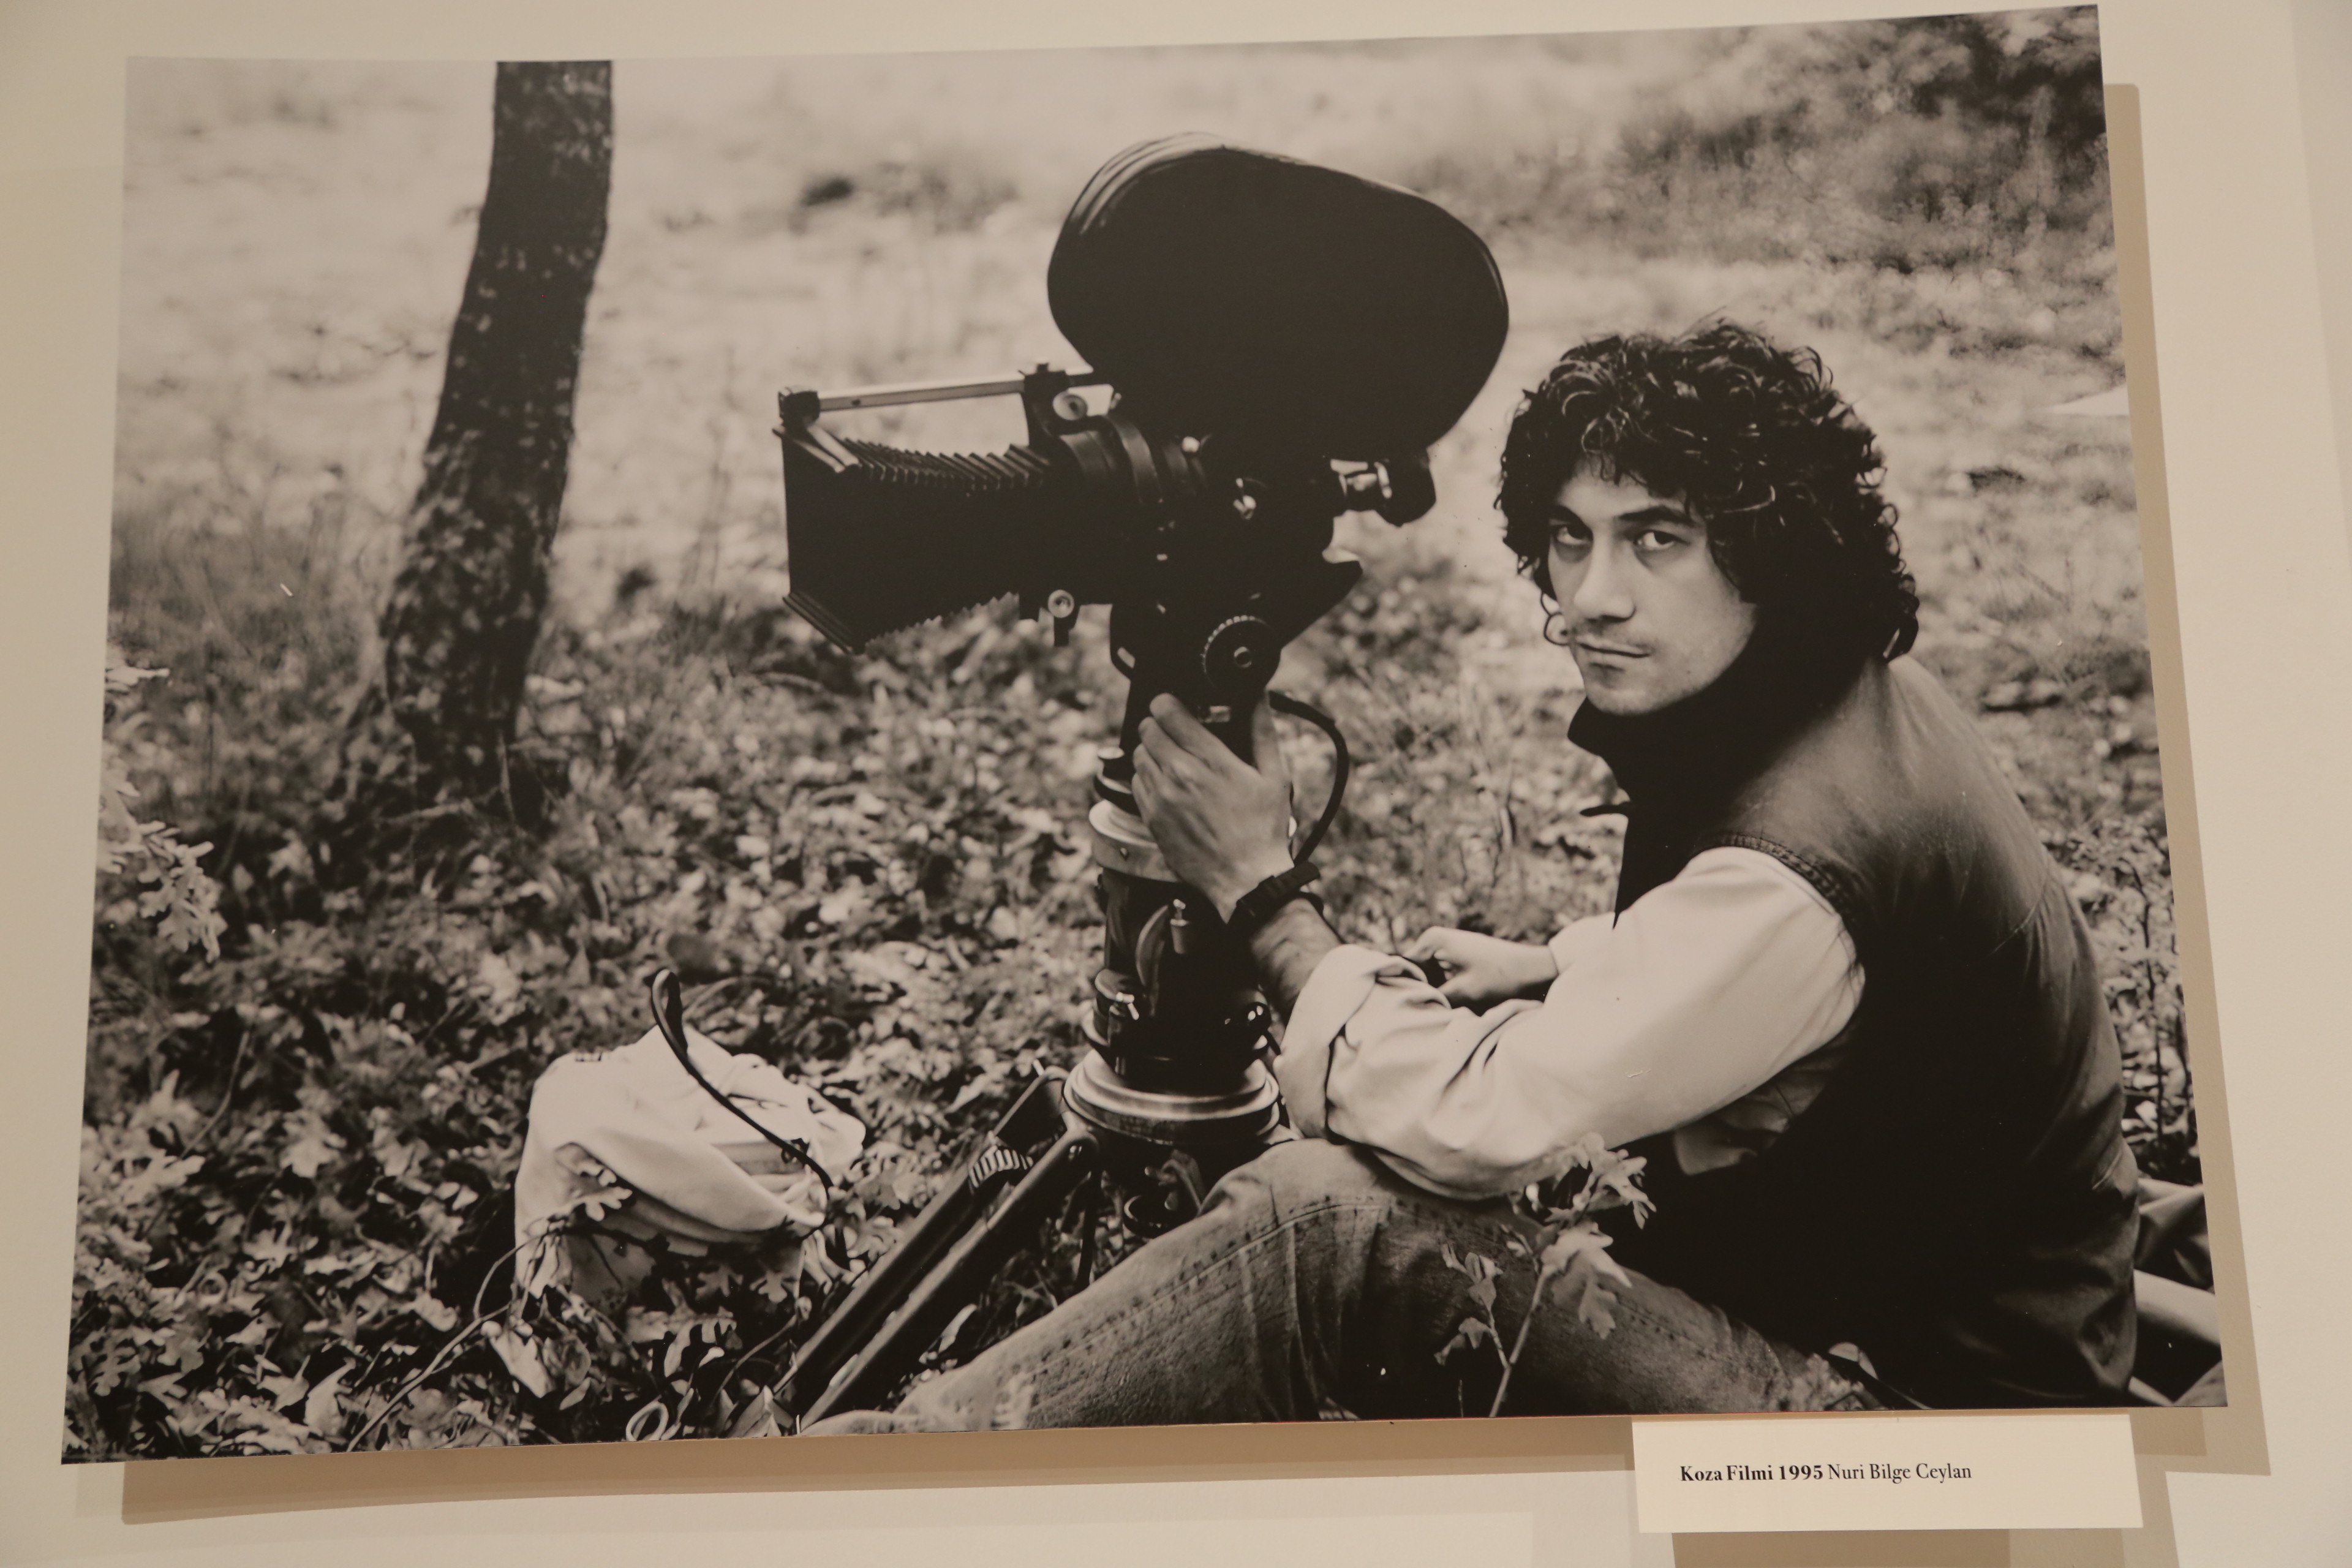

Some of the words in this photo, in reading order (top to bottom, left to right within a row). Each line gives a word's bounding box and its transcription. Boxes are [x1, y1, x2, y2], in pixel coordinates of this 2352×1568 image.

[1679, 1465, 1723, 1481] Koza
[1726, 1464, 1773, 1480] Filmi
[1779, 1464, 1823, 1480] 1995
[1827, 1464, 1864, 1479] Nuri
[1869, 1463, 1910, 1483] Bilge
[1915, 1463, 1972, 1483] Ceylan
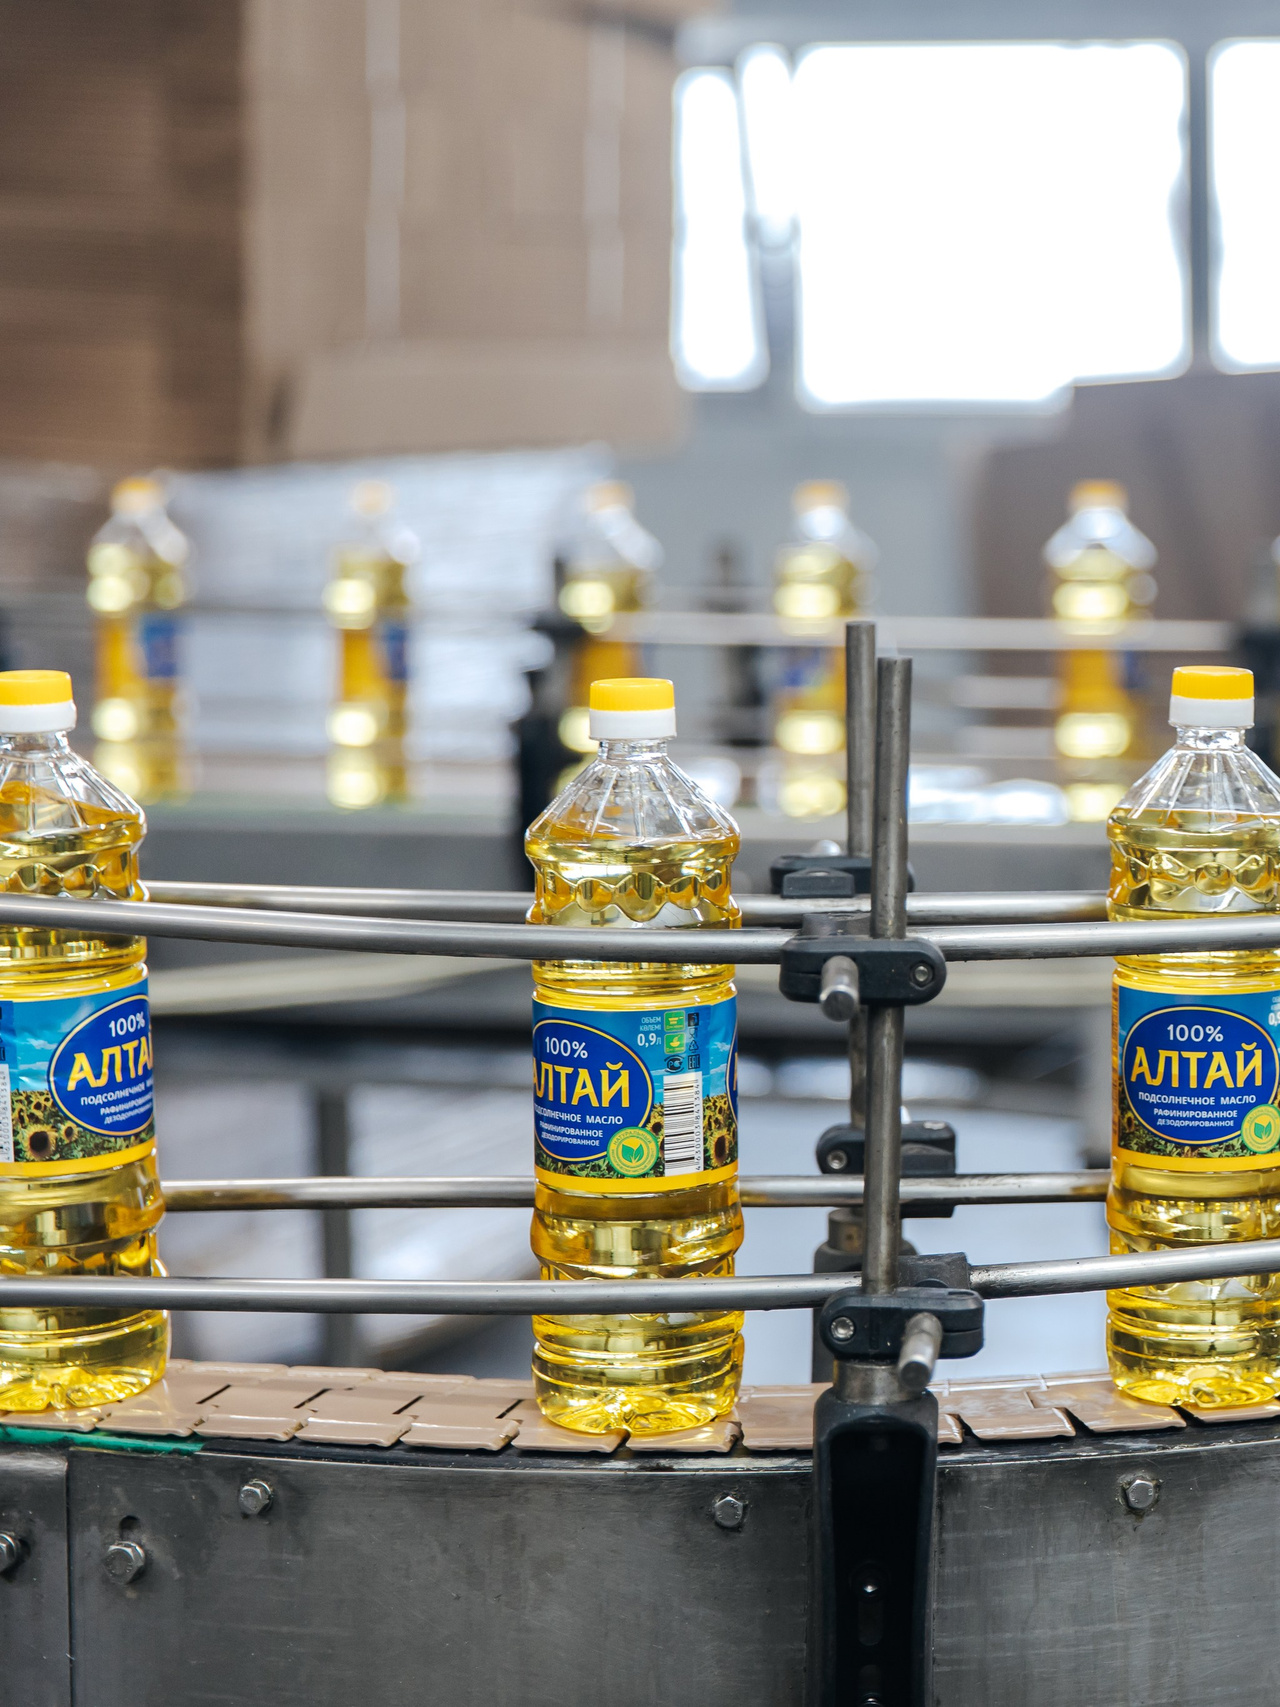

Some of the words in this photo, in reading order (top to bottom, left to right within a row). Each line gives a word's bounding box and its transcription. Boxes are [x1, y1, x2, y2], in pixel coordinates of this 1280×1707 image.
+---+
▶ The task: Go through the material above and print all of it exactly, except the pictures.

▶ Solved problem:
Some of the words in this photo, in reading order (top to bottom, left to right within a row). Each line gives a word's bounding box and its transcription. Boxes are [x1, y1, x2, y2], in pixel coordinates of this 2352×1568 image.

[1679, 1465, 1723, 1481] Koza
[1726, 1464, 1773, 1480] Filmi
[1779, 1464, 1823, 1480] 1995
[1827, 1464, 1864, 1479] Nuri
[1869, 1463, 1910, 1483] Bilge
[1915, 1463, 1972, 1483] Ceylan

Some of the words in this photo, in reading order (top to bottom, left to right within a row). Each line gives a word's bounding box and its transcription. Boxes are [x1, y1, x2, y2], in pixel coordinates of this 1280×1707 image.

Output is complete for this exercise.